Entries taken from a collection

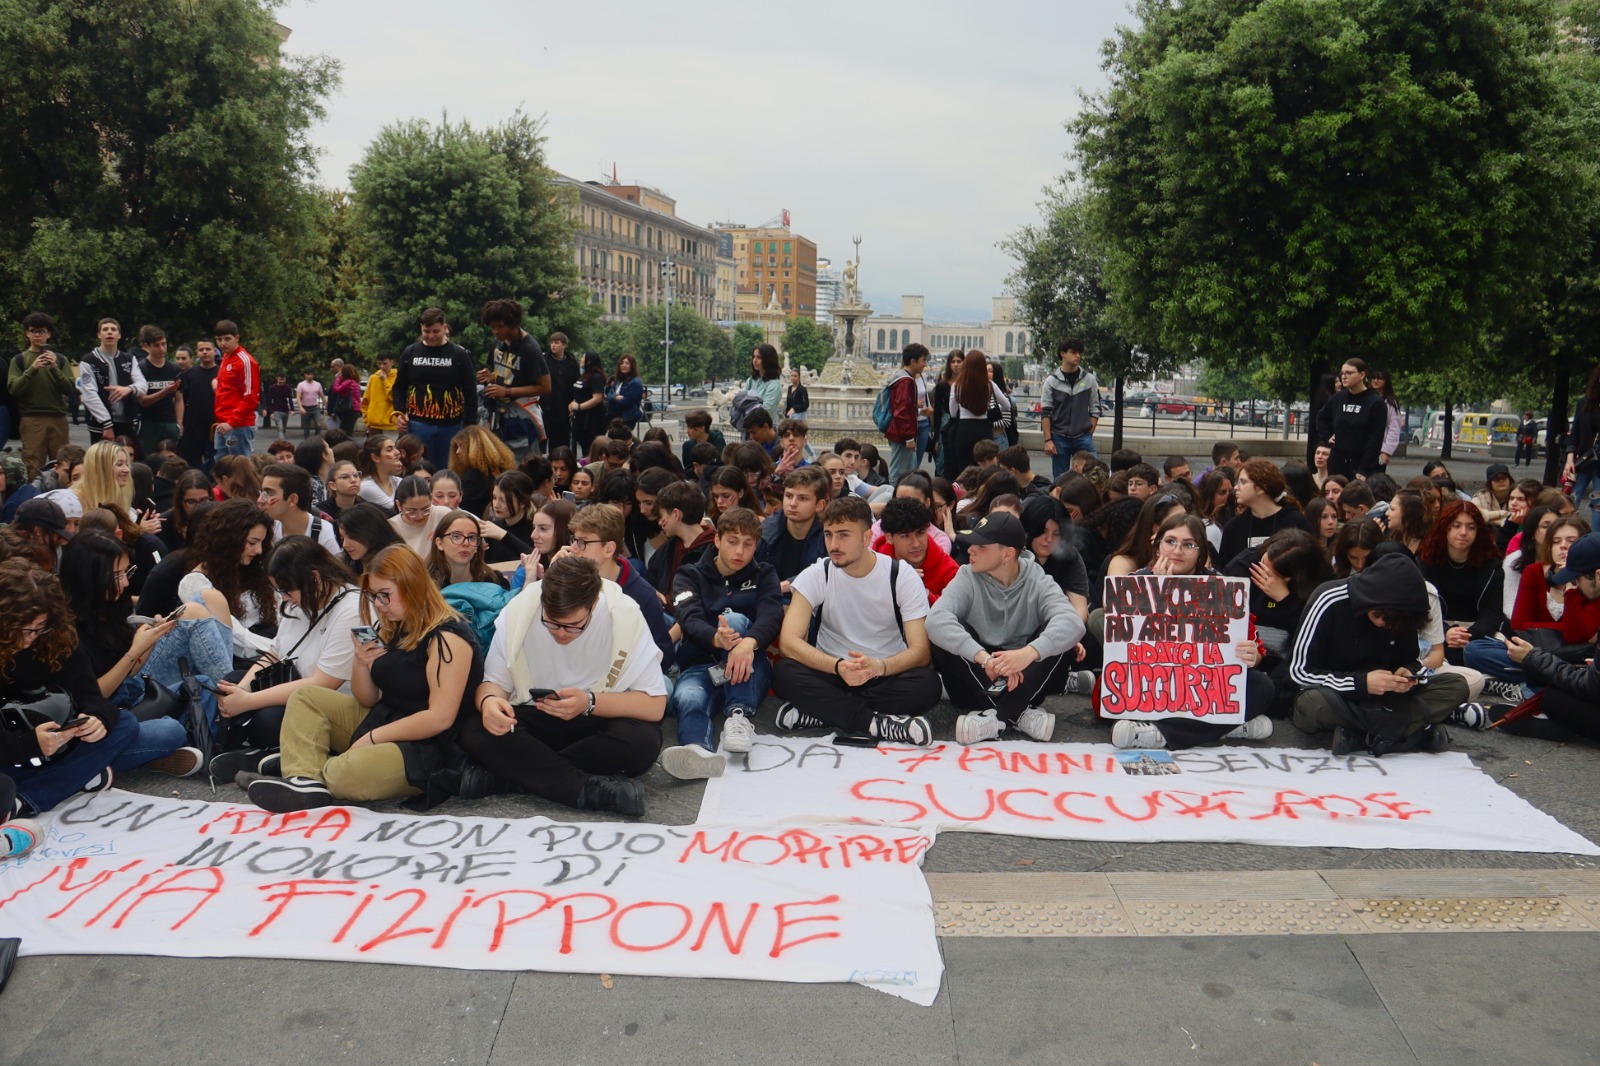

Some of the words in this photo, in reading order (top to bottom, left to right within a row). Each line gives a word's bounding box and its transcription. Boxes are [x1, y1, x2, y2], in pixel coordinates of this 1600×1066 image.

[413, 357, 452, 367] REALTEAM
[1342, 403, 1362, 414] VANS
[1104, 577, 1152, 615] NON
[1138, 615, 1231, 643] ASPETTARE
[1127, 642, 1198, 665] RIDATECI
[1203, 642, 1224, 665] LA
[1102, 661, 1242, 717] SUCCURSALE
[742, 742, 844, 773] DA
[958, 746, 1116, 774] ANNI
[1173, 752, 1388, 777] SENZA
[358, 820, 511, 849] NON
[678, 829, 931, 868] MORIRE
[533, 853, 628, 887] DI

Exercise brief
Nothing but the exact text of the records should appear in your answer, with no pictures. Please write it out.

Result below
Some of the words in this photo, in reading order (top to bottom, left to right within a row). Each line gives a word's bounding box and its transcription. Boxes are [x1, y1, x2, y2], in pixel coordinates of this 1600×1066 image.

[413, 357, 452, 367] REALTEAM
[1342, 403, 1362, 414] VANS
[1104, 577, 1152, 615] NON
[1138, 615, 1231, 643] ASPETTARE
[1127, 642, 1198, 665] RIDATECI
[1203, 642, 1224, 665] LA
[1102, 661, 1242, 717] SUCCURSALE
[742, 742, 844, 773] DA
[958, 746, 1116, 774] ANNI
[1173, 752, 1388, 777] SENZA
[358, 820, 511, 849] NON
[678, 829, 931, 868] MORIRE
[533, 853, 628, 887] DI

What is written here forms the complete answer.